There was a lot of attention on techniques like heart transplants, but I was convinced that saving people one by one was not the most effective way to address the problem. I realized the need to make permanent lifestyle changes to prevent cardiovascular disease by reaching people in the community where it was needed the most. That led me, with Henry Breitrose and Nathan Maccoby in the Stanford Department of Communication, to create a multimedia campaign to motivate and educate communities to undertake major lifestyle changes. That was really the beginning of the “total community” approach.

Can you name some achievements that came out of the SPRC?

The advent of the total community approach to prevention was really our invention. It was the idea that you could mobilize a community through a campaign using newspapers, radio, television, and medical authorities to provide information and training that people needed in order to change their lifestyle toward a healthier one that would prevent cardiovascular disease.

The advent of the total COMMUNITY approach to prevention was really our invention.

Peter Wood, Bill Haskell, and I were involved in showing that exercise increased the HDL fraction of blood lipoproteins. That particular discovery then was taken up throughout the world, and hundreds of papers came out about the role of HDL as the protective fraction and LDL as the harmful fraction of blood lipids. 

Another area of achievement was some of the methods for smoking cessation. The use of nicotine replacement was a new thing, and we were one of the first groups working on that. Later, a few of our people, including Tom Robinson, who happens to be a pediatrician, developed the methods for educating high school students on risk factors associated with smoking, poor diet, and lack of exercise. That was quite an important chapter, which I would call adolescent or youth education.
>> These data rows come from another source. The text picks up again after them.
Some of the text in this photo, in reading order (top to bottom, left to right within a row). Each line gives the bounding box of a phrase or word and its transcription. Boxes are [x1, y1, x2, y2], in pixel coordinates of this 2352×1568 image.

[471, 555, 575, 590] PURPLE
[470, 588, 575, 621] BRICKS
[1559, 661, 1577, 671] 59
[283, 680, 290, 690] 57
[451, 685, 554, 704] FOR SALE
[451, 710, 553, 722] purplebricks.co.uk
We took up the battle over obesity, too. The theme that runs through all this is prevention of disease through lifestyle issues. The whole lifestyle category would include smoking, exercise, and diet. And you could toss in stress management.

Today’s SPRC includes the WELL for Life initiative that is aimed at changing the global well-being landscape. There’s also a new master’s degree program in community health and prevention research.
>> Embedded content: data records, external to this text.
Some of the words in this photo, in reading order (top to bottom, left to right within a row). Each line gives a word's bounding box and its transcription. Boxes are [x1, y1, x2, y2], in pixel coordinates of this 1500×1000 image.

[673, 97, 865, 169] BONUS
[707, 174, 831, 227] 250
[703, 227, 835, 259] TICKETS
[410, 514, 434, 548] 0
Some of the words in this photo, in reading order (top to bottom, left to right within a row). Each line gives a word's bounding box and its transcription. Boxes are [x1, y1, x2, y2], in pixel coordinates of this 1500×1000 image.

Where would you like to see the center in the future?

I’d like the center to continue to grow in importance to the department and the university as a source of knowledge for methods to promote healthy living. And to have the School of Medicine and the university play an important part in the restoration of what should have been present 30 or 40 years ago—attention to the prevention side of the equation. In the last five years there has been increased attention to prevention within the medical school and the university.
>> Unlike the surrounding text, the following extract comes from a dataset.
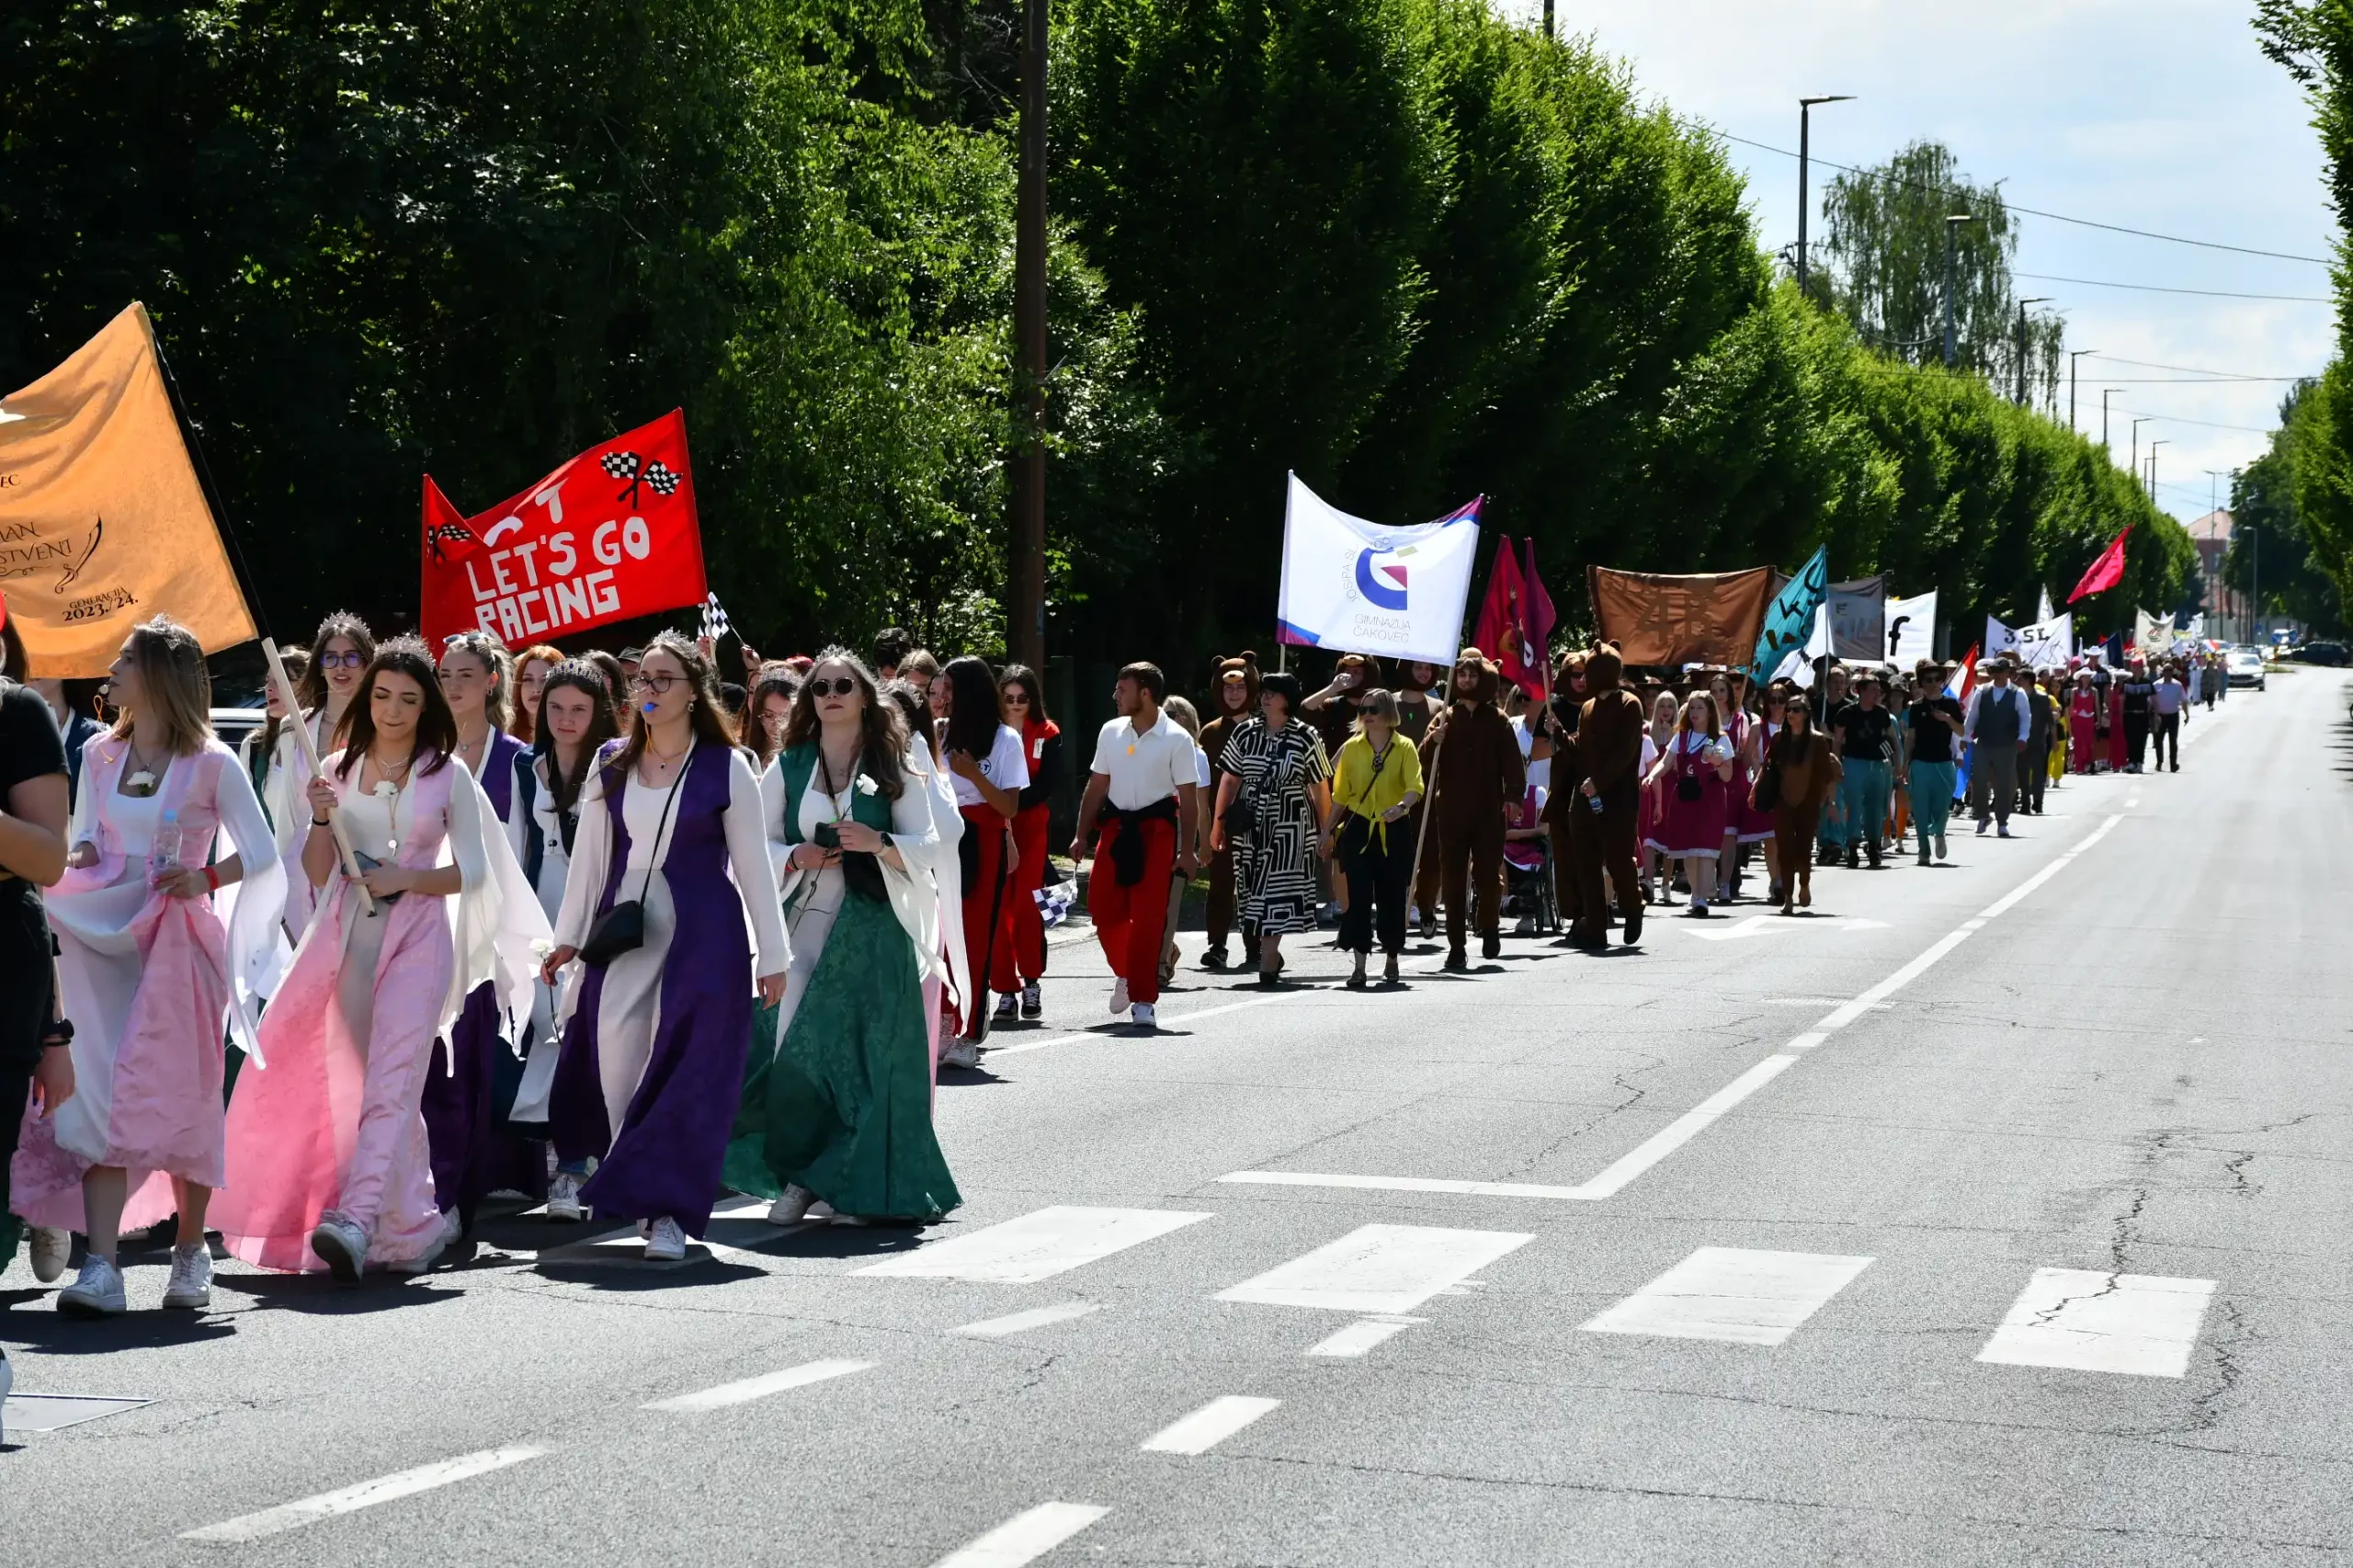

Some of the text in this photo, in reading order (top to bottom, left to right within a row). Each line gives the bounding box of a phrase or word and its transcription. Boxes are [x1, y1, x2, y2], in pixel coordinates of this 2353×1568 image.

[466, 516, 650, 603] LET'S GO
[474, 569, 621, 642] RACING
[1355, 613, 1411, 631] GIMNAZIJA
[1353, 624, 1409, 643] ČAKOVEC
I hope that the center remains important in developing methods of influencing policy and/or of educating society and people in positions of authority. I’d like to see a change in our training system so that people with higher degrees are cognizant of the principles of ecology, economics, and political science such that they can be participants in health policy change.

I want education to remain accepted as part of the equation to have optimal public health. Who you are educating and how they will influence public policy is all part of the dream to produce people who are smart, knowledgeable, and trained to tackle these problems.